What happens in Richard II
The whole story, start to finish — every act, in plain modern English. This summary follows the play to its ending, so read on once you're ready to know how it closes.
King Richard II sits in judgment over two angry noblemen. Henry Bolingbroke, his cousin, accuses Thomas Mowbray of treason and of a hand in the murder of the Duke of Gloucester. Mowbray denies it. Richard cannot reconcile them, so he sets a trial by combat at Coventry. Then, just as the lances drop, he stops the fight. He banishes Bolingbroke for six years and Mowbray for life. It looks like even-handed justice. It is really a king who cannot bring himself to decide.

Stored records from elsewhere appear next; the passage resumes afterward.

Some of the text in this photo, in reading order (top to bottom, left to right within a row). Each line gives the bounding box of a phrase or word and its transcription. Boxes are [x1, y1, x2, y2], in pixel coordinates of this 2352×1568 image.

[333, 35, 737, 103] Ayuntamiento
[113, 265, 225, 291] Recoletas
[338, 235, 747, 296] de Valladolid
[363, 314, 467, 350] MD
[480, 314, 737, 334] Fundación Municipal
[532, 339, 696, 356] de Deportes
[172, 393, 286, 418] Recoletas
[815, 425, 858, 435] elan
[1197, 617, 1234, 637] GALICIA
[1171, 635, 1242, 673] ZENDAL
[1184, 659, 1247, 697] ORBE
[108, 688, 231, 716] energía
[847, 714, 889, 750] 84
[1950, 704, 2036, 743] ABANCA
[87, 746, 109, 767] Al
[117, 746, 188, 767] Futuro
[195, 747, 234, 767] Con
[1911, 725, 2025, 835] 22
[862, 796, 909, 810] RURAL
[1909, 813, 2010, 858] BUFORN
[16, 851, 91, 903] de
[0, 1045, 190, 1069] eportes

Old John of Gaunt, Bolingbroke’s father, is dying, and he uses his last breath to warn Richard. England, he says, is a precious jewel that the king has rented out like a cheap farm. Richard waves the speech away. When Gaunt dies, he seizes the Lancaster estates to fund a war in Ireland and sails off, leaving his weak uncle York to mind the realm. That theft is the spark. By taking Bolingbroke’s inheritance, Richard destroys the very law of succession that holds his own crown in place.
Bolingbroke does not wait out his exile. He lands in the north with an army, claiming he has come back only for his stolen lands, not the crown. Northumberland and other angry lords flock to him. The Welsh forces wait, see omens of a dead king, and melt away. York, torn between loyalty and justice, gives up and stands aside. Richard returns from Ireland to find his support gone. Confident at first that God protects an anointed king, he collapses into despair the moment Scroop brings the news. He retreats to Flint Castle and, without a single blow struck, surrenders to his cousin.

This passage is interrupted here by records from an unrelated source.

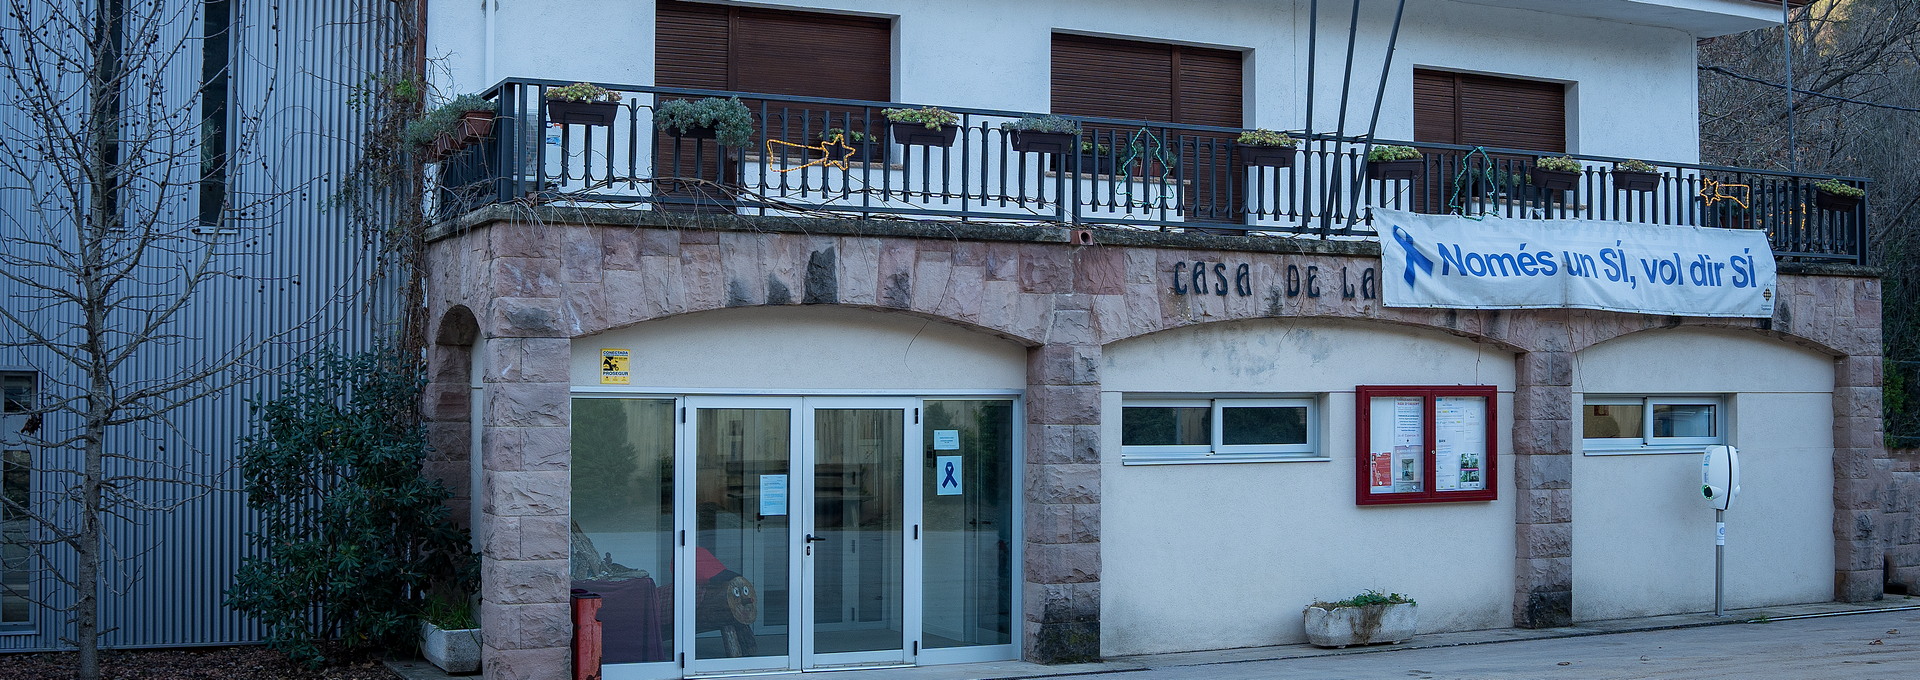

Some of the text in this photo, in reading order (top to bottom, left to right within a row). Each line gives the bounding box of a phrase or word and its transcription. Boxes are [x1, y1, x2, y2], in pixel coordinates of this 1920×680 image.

[1174, 261, 1377, 301] CASA DE LA
[1437, 240, 1757, 289] Només un SÍ, vol dir SÍ
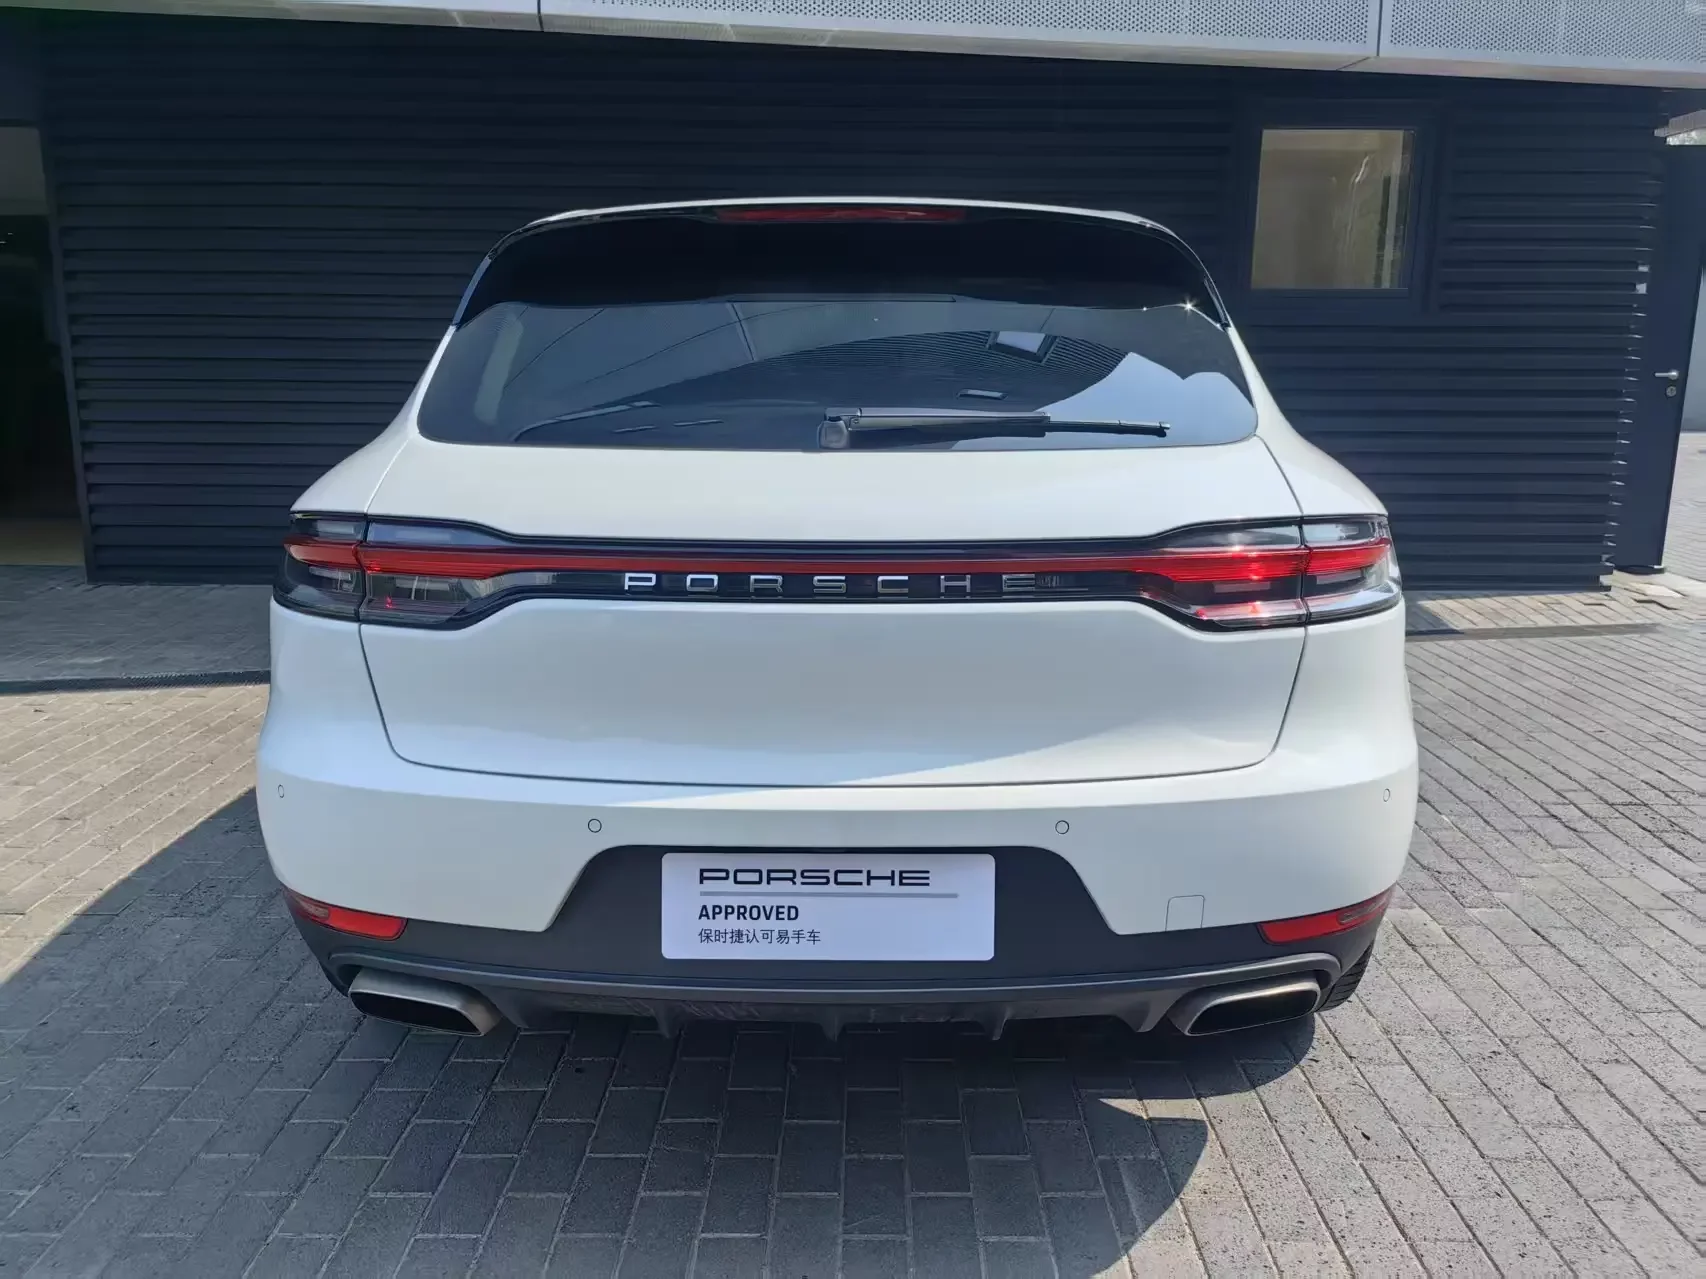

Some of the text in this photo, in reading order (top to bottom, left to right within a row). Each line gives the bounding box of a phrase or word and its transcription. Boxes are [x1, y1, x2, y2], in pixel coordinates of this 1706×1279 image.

[624, 573, 1036, 593] PORSCHE
[699, 868, 930, 886] PORSCHE
[698, 904, 800, 921] APPROVED
[698, 928, 822, 945] 保时捷认可易手车

In Westminster Hall, Bolingbroke presides as Richard hands over the crown in person. It is a long, painful scene. Richard narrates his own undoing, calls for a mirror to study his unchanged face, then smashes it on the floor. He is sent to the Tower, and then on to Pomfret Castle, while Bolingbroke is proclaimed King Henry IV. The Queen meets her husband one last time on a London street, and they part for France, agreeing to grieve apart.

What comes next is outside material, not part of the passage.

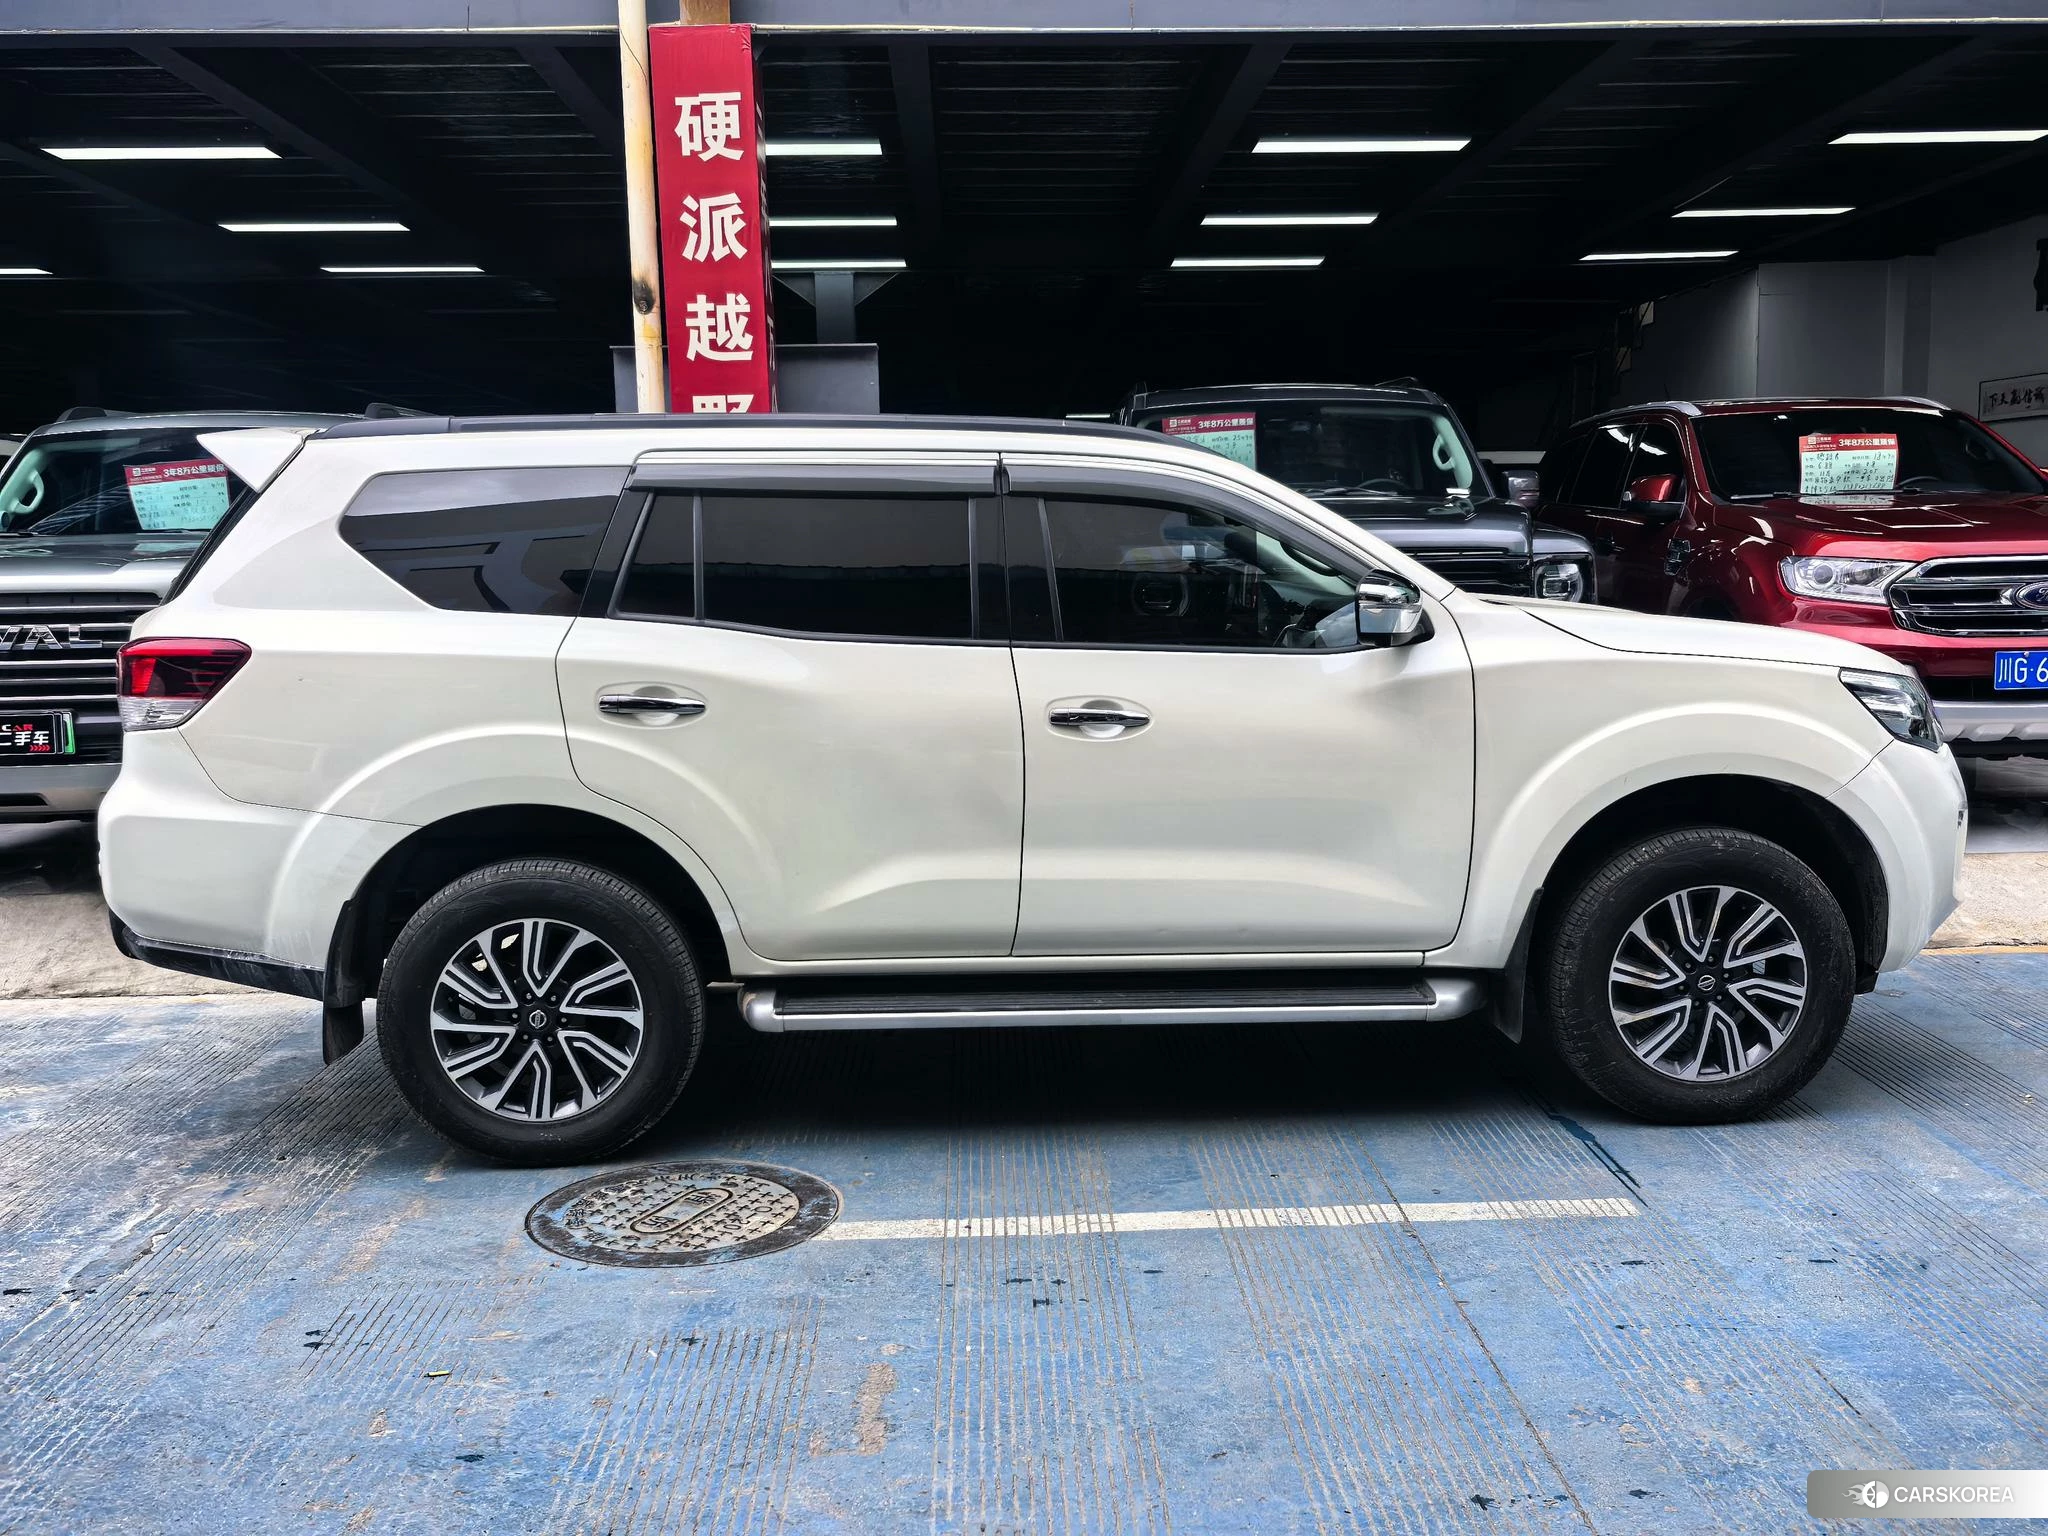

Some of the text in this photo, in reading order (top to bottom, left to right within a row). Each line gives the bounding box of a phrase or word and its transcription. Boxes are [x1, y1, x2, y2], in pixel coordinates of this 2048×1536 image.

[674, 91, 755, 413] 硬派越
[0, 730, 50, 746] 二手车

The new reign begins under a shadow. A plot to assassinate Henry at Oxford is uncovered when York finds his own son Aumerle carrying the evidence. The Duchess of York throws herself at Henry’s feet, and he pardons the boy, though the other conspirators lose their heads. Meanwhile Henry mutters aloud that he wishes someone would rid him of “this living fear” — meaning Richard. A knight named Exton takes the words as an order.
Alone in his cell at Pomfret, Richard turns his thoughts over and over, making philosophy out of his ruin. A loyal groom brings him a small kindness and the bitter news that Bolingbroke rode Richard’s own horse through the coronation. When the keeper refuses him food, Richard’s patience snaps; he strikes out, and Exton and his men cut him down. He dies declaring his soul will rise even as his body sinks. Exton carries the coffin to Windsor, expecting thanks. Henry recoils in horror, disowns the murder, and vows a pilgrimage to the Holy Land to wash the blood from his hands. He holds the throne now, but he holds it stained — and the curse on it will run through the plays that follow.